Collection entries:
************
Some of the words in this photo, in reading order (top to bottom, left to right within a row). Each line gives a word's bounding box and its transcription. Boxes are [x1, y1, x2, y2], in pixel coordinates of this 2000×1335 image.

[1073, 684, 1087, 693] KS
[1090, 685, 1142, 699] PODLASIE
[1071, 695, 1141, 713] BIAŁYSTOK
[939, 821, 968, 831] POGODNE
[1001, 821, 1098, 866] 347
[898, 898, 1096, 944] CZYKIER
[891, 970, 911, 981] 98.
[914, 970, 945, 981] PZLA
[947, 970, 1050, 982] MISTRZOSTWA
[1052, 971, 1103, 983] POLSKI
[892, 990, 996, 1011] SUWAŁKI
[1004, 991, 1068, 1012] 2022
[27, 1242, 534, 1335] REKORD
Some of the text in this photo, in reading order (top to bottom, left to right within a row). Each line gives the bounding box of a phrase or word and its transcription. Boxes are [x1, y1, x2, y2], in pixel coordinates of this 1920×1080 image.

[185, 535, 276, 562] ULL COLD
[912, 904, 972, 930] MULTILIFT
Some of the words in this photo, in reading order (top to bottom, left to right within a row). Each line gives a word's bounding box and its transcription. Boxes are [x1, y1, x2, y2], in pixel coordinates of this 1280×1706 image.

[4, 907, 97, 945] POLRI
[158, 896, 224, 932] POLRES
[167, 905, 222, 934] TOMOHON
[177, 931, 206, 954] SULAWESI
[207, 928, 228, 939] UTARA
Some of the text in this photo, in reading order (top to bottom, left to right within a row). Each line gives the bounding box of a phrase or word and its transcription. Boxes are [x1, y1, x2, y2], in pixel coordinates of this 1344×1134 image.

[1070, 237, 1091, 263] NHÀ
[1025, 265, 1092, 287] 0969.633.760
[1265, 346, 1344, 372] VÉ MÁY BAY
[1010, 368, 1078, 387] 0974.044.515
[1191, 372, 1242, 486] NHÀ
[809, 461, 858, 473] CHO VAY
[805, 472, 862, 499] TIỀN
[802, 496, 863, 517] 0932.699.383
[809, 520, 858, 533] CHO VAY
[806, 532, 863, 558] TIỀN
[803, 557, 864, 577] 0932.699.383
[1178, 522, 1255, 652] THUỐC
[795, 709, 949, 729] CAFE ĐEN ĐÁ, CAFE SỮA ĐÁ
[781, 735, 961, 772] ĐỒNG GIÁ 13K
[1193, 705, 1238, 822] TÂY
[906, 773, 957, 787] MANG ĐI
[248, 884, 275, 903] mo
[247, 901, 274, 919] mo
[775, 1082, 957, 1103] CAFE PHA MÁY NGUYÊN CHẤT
************
:: ASSIGNMENT ::
The entries above are to be transcribed in full and without error.

:: THE COMPLETED TASK ::
Some of the words in this photo, in reading order (top to bottom, left to right within a row). Each line gives a word's bounding box and its transcription. Boxes are [x1, y1, x2, y2], in pixel coordinates of this 2000×1335 image.

[1073, 684, 1087, 693] KS
[1090, 685, 1142, 699] PODLASIE
[1071, 695, 1141, 713] BIAŁYSTOK
[939, 821, 968, 831] POGODNE
[1001, 821, 1098, 866] 347
[898, 898, 1096, 944] CZYKIER
[891, 970, 911, 981] 98.
[914, 970, 945, 981] PZLA
[947, 970, 1050, 982] MISTRZOSTWA
[1052, 971, 1103, 983] POLSKI
[892, 990, 996, 1011] SUWAŁKI
[1004, 991, 1068, 1012] 2022
[27, 1242, 534, 1335] REKORD
Some of the text in this photo, in reading order (top to bottom, left to right within a row). Each line gives the bounding box of a phrase or word and its transcription. Boxes are [x1, y1, x2, y2], in pixel coordinates of this 1920×1080 image.

[185, 535, 276, 562] ULL COLD
[912, 904, 972, 930] MULTILIFT
Some of the words in this photo, in reading order (top to bottom, left to right within a row). Each line gives a word's bounding box and its transcription. Boxes are [x1, y1, x2, y2], in pixel coordinates of this 1280×1706 image.

[4, 907, 97, 945] POLRI
[158, 896, 224, 932] POLRES
[167, 905, 222, 934] TOMOHON
[177, 931, 206, 954] SULAWESI
[207, 928, 228, 939] UTARA
Some of the text in this photo, in reading order (top to bottom, left to right within a row). Each line gives the bounding box of a phrase or word and its transcription. Boxes are [x1, y1, x2, y2], in pixel coordinates of this 1344×1134 image.

[1070, 237, 1091, 263] NHÀ
[1025, 265, 1092, 287] 0969.633.760
[1265, 346, 1344, 372] VÉ MÁY BAY
[1010, 368, 1078, 387] 0974.044.515
[1191, 372, 1242, 486] NHÀ
[809, 461, 858, 473] CHO VAY
[805, 472, 862, 499] TIỀN
[802, 496, 863, 517] 0932.699.383
[809, 520, 858, 533] CHO VAY
[806, 532, 863, 558] TIỀN
[803, 557, 864, 577] 0932.699.383
[1178, 522, 1255, 652] THUỐC
[795, 709, 949, 729] CAFE ĐEN ĐÁ, CAFE SỮA ĐÁ
[781, 735, 961, 772] ĐỒNG GIÁ 13K
[1193, 705, 1238, 822] TÂY
[906, 773, 957, 787] MANG ĐI
[248, 884, 275, 903] mo
[247, 901, 274, 919] mo
[775, 1082, 957, 1103] CAFE PHA MÁY NGUYÊN CHẤT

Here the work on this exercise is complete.